Но сегодня Людвиг был каким-то странным, непонятным и незнакомым. Что-то неуловимое появилось в нём, немного пугающее, но очаровательное до дрожи в её коленях. Ядвига ещё больше любила его, такого загадочного, необычного, без оглядки на всё и всех, его мысли, дела, одержимое стремление к превосходству. Как легко он мог расправиться с теми, кто ещё не дозрел до своего выбора пути. Как он играл судьбами и жизнями, наслаждаясь болью, слезами никчёмных созданий, не имеющих шансов перед его силой. Ни вопли обезумевших от горя людей, ни кровь жертв, ни страдания, ничто не выводило его из себя. Вот только к Генри он заметно охладел. Это было не понятно. Но спросить об этом напрямую Ядвига опасалась. Она точно знала, какую грань не смеет переступать в отношениях с Людвигом. «Нельзя, ни в коем случае, нельзя спрашивать о том, что он решил по тому или иному поводу, он сам всё прекрасно знает. Зло самодостаточно и самолюбиво и только оно знает, когда нанести решительный удар. Если сам дъявол дал Людвигу безграничные возможности править на земле от своего имени, значит, надо воспринимать все его действия, как сигнал к новой атаке, ещё непонятному, но всё-таки разрушению» думала рыжеволосая бестия, с нежность заглядывая в лицо своего избранника.

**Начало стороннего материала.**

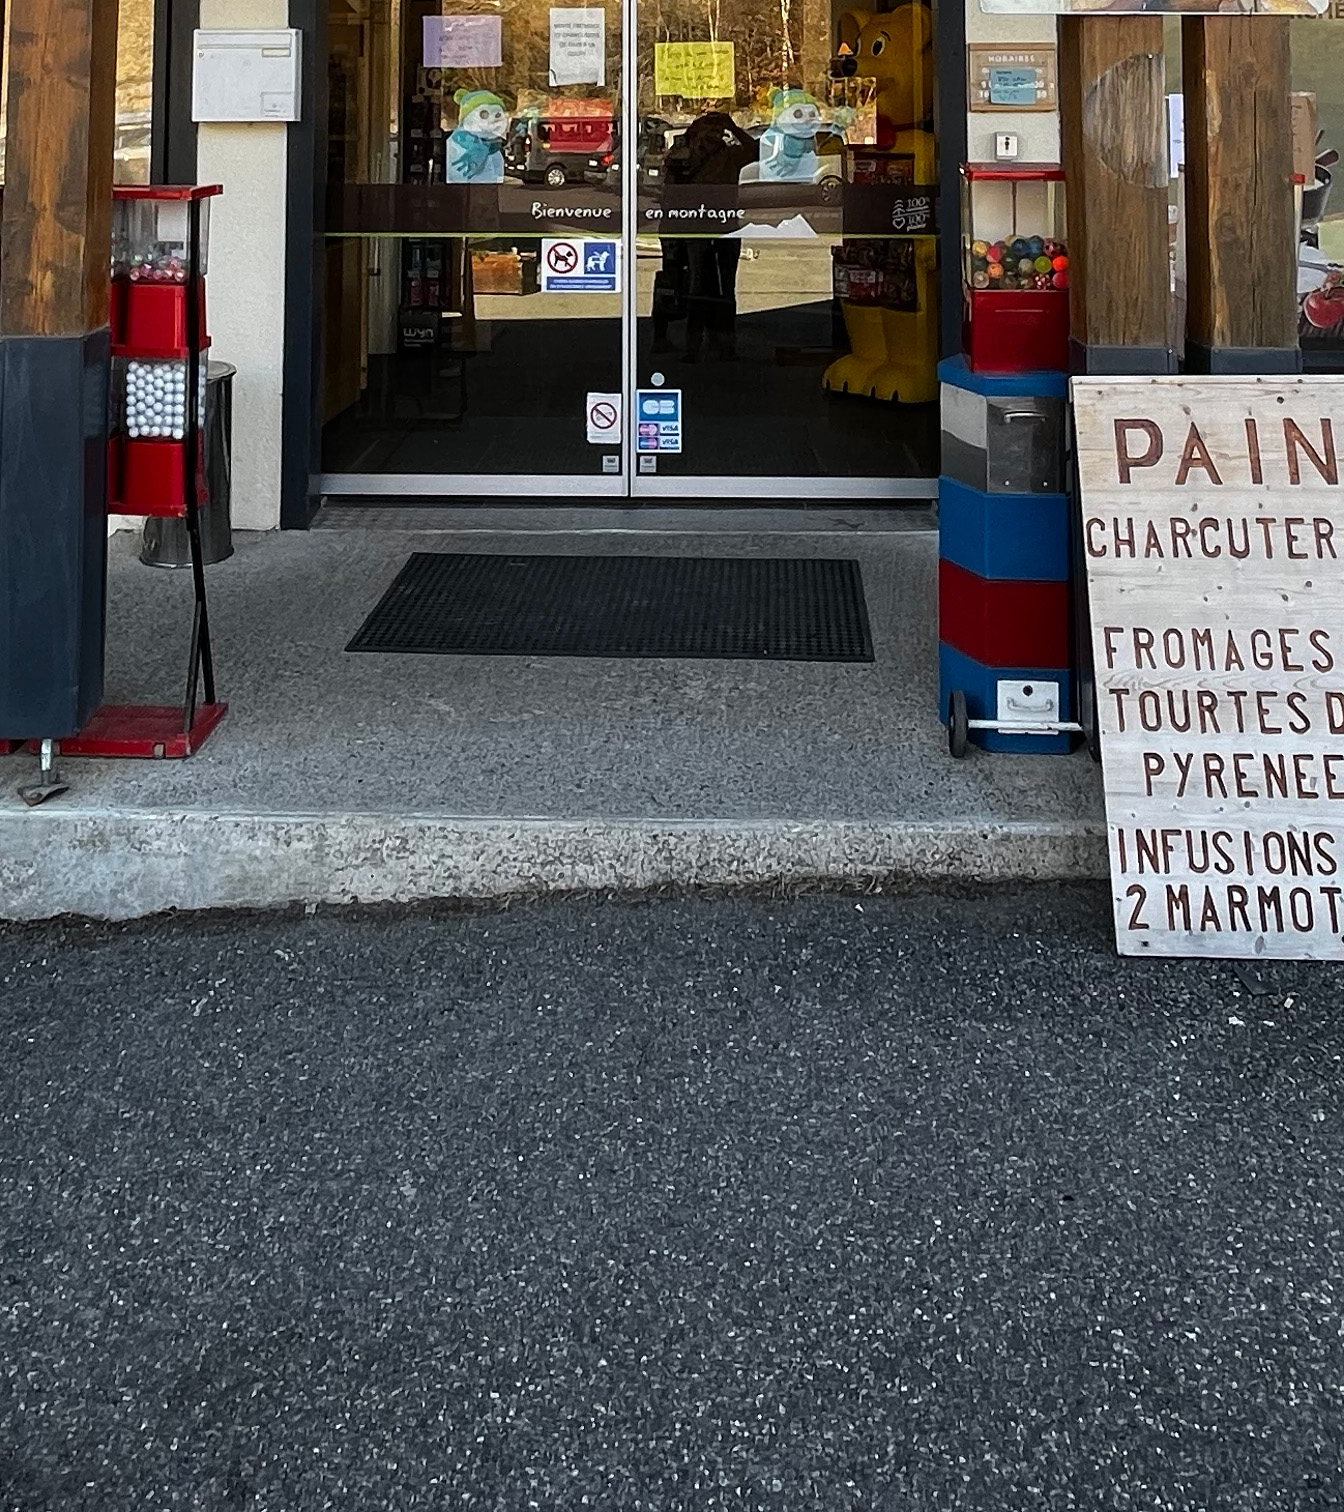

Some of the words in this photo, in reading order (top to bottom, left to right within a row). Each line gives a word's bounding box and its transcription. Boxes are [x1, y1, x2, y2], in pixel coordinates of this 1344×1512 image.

[532, 201, 613, 220] Bienvenue
[645, 208, 664, 220] en
[667, 204, 746, 224] montagne
[1113, 417, 1340, 487] PAIN
[1103, 626, 1334, 674] FROMAGES
[1108, 688, 1312, 736] TOURTES
[1117, 827, 1338, 877] INFUSIONS
[1127, 884, 1151, 931] 2
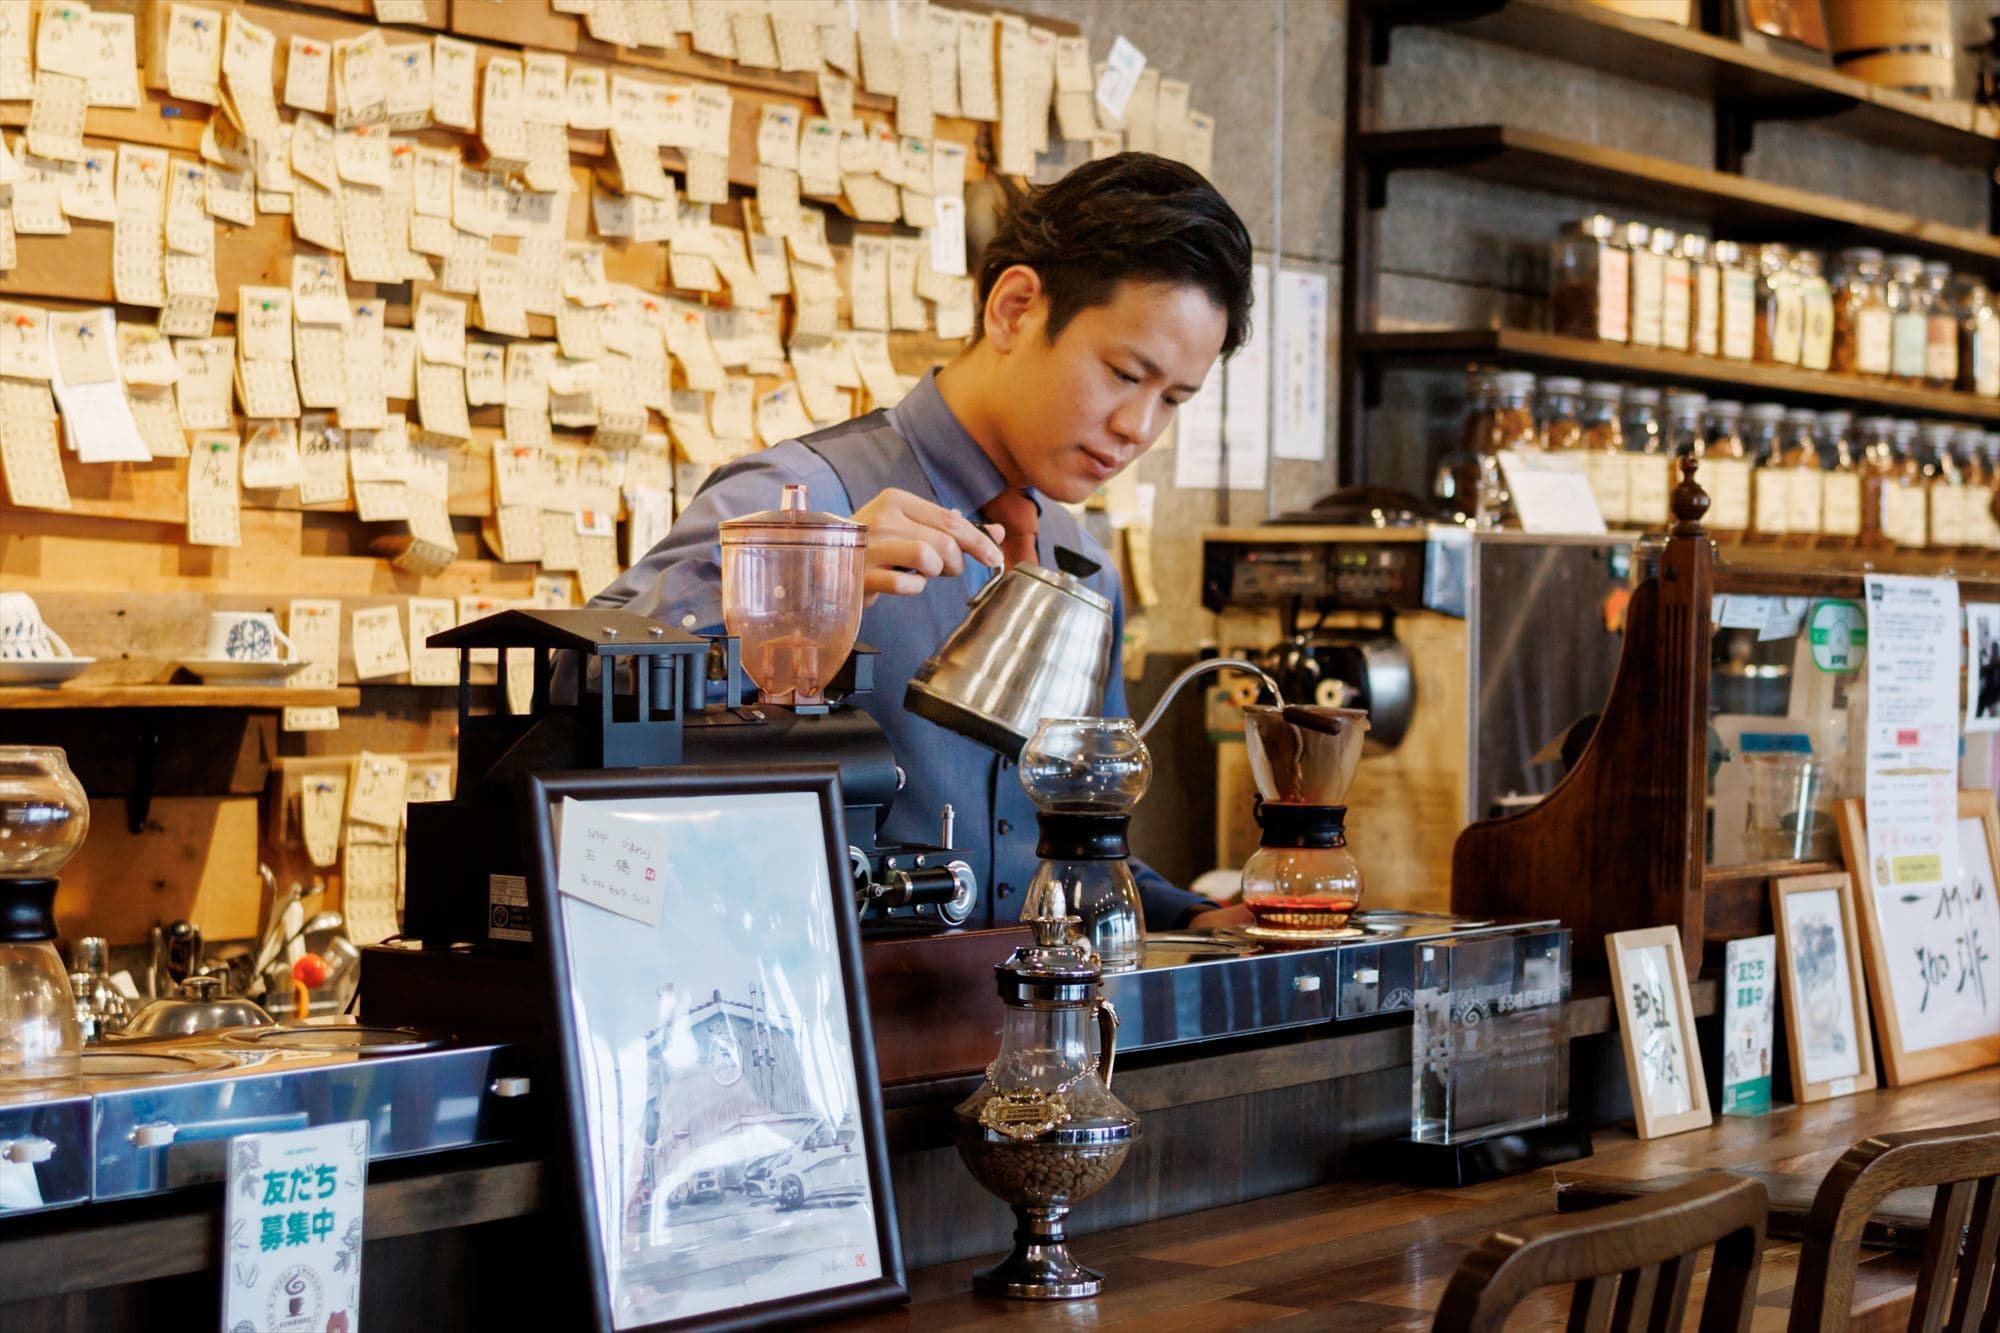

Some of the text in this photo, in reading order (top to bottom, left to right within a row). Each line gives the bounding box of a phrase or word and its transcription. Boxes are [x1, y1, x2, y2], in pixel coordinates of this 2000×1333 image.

[1737, 958, 1765, 983] 友だち
[262, 1162, 338, 1206] 友だち
[259, 1206, 336, 1253] 募集中

Людвиг сидел на кровати, облокотившись спиной на подушки и водил большим пальцем по краю бокала. Молчание было невыносимым для Ядвиги, она любила властный голос Людвига. Привлекая его внимание к себе, она потянулась, изогнувшись всем телом, изящно, словно дикая кошка и, повернувшись на живот, снизу вверх, заглянула в глаза своему любовнику:
— Что ты думаешь о Жерме?
Людвиг ответил сразу, как-будто именно об этом и думал. — Эта женщина заслуживает уважения за свою искреннюю приверженность сословию зла. Ей покровительствует сам сатана, хотя как и у бога, у него сотни тысяч имён, но сущность одна. Жерма живёт с его именем на устах с самого рождения и до сегодняшнего дня и вряд ли отступит от этой стези. О всех её делах, согласованных с ним, уже можно написать толстенный и умопомрачительный по жестокости роман.
— Ты говоришь так, как будто всё про неё знаешь.
Ядвига почему-то встревожилась, перевернулась на спину, ей не понравилось то, что Людвиг говорил о Жерме с несвойственной ему теплотой и заинтересованностью.
— Как и про тебя, моя дорогая, — Людвиг посмотрел на Ядвигу и усмехнулся, видя как её щёки вспыхнули румянцем, — не переживай так, неужели для тебя новость, что я вижу всех насквозь и любая душа для меня не потёмки. Как ты думаешь, мог бы я так здорово находить себе сторонников, если бы их помыслы и пороки были для меня покрыты тайной. Я вижу мародёра и убийцу, когда он готов отвернуться от силы тьмы и обратиться к свету. Вперёд, со всем своим красноречием и нагоняя на него ужас, я не допускаю предательства. И вижу попа, который непрочь позаигрывать со злом, чтобы испытать на себе всю сладость порока. В том и другом случае нужен разный подход и я прекрасно знаю множество методов. Я не гнушаюсь никакой «грязной работы», как о ней думают наши противники и не боюсь запачкать руки в дерьме и крови, чтобы добиться своего. Ядвига, перестань конфузиться, это выдаёт тебя. Не заставляй меня напоминать, стыд и неудобство в другом лагере, а у нас только чёткие и здравые рассуждения. Многие считают, что можно определить степень зла, не слишком очернив себя, вроде того, как «из двух зол выбирают хорошее, но нет меньшего или хорошего, из двух зол и выбирать не надо». Я давно простил тебе твою мимолётную страсть к Генри. Он не смог оценить тебя по достоинству и в этом его промах. Нельзя было такую, как ты, так резко отталкивать. С тобой надо обращаться нежно, как с хрупкой, но весьма закалённой, вещицей. Ему нужно было больше уделить тебе время, рассуждая на темы добра и света. В конечном итоге, он приобрёл бы безобидную подружку, а не ожесточённого врага.